Annotated photo localization data:
┄┄┄┄┄┄

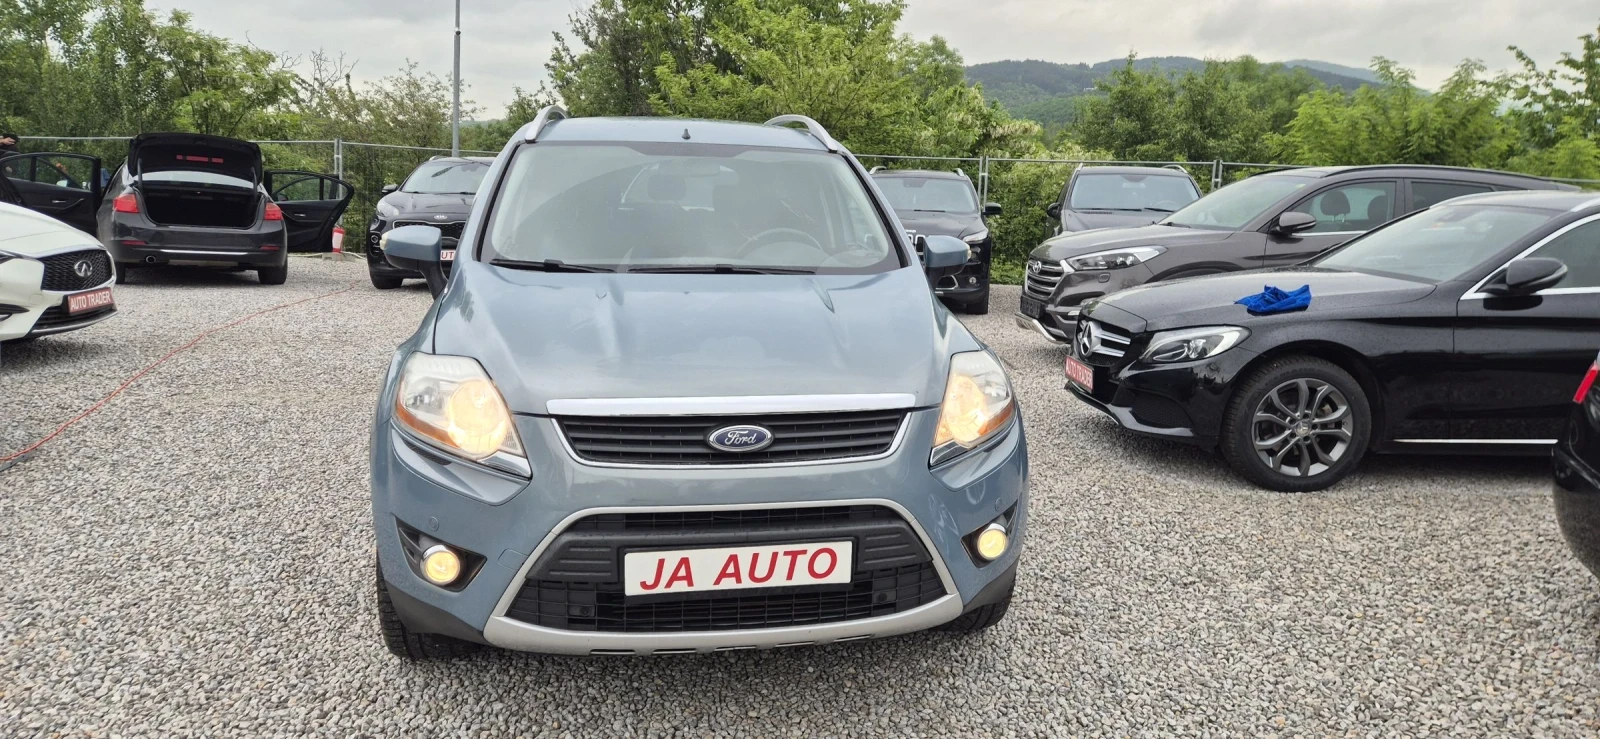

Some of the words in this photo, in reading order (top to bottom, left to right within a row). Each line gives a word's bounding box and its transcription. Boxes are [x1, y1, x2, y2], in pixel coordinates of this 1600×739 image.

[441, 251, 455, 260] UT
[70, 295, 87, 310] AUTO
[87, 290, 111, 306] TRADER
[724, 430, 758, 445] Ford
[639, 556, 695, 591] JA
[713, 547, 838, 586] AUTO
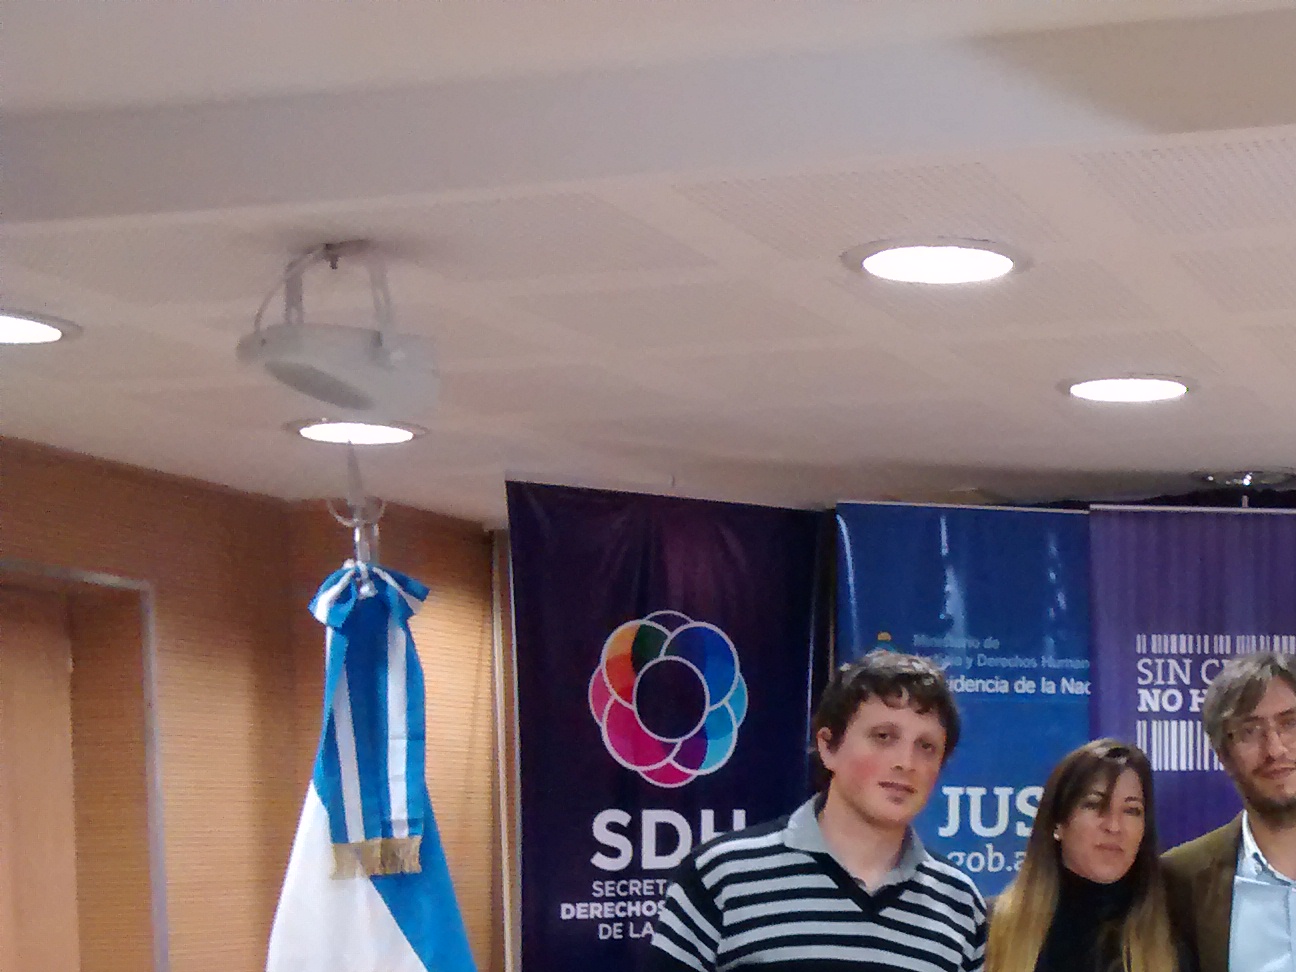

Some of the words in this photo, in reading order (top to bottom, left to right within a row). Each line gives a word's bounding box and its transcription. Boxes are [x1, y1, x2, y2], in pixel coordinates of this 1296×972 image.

┄┄┄┄┄┄

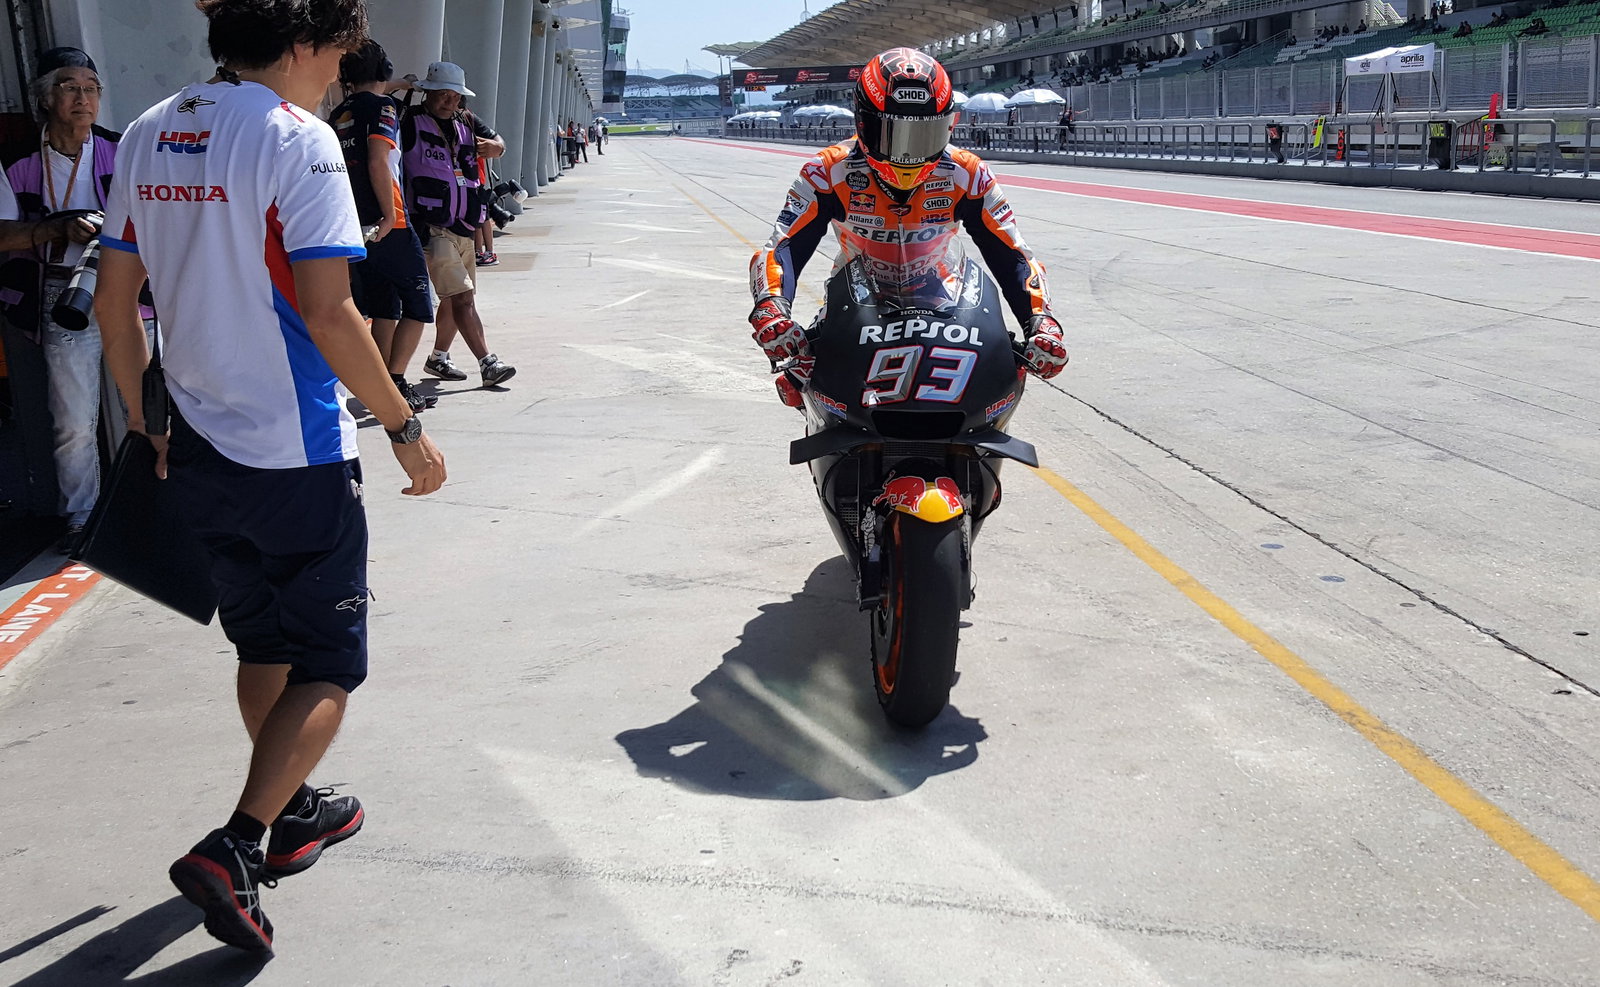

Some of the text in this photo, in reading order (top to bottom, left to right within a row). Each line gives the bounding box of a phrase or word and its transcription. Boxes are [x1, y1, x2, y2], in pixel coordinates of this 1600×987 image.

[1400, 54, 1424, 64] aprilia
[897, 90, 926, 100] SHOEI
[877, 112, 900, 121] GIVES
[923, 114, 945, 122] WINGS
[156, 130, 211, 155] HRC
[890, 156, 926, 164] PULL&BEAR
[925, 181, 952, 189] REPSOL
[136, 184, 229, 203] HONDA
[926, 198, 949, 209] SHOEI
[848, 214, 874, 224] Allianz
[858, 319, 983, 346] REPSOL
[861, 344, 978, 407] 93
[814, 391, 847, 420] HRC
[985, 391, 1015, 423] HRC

┄┄┄┄┄┄

— Work request —
Each line from the one that contains "this 1600×739 image." down to the one that contains "this 1296×972 image." is to be returned exactly as it stands above, both ends included, with pictures removed.

— Response box —
Some of the words in this photo, in reading order (top to bottom, left to right within a row). Each line gives a word's bounding box and its transcription. Boxes are [x1, y1, x2, y2], in pixel coordinates of this 1600×739 image.

[441, 251, 455, 260] UT
[70, 295, 87, 310] AUTO
[87, 290, 111, 306] TRADER
[724, 430, 758, 445] Ford
[639, 556, 695, 591] JA
[713, 547, 838, 586] AUTO

Some of the words in this photo, in reading order (top to bottom, left to right within a row). Each line gives a word's bounding box and its transcription. Boxes are [x1, y1, x2, y2], in pixel coordinates of this 1296×972 image.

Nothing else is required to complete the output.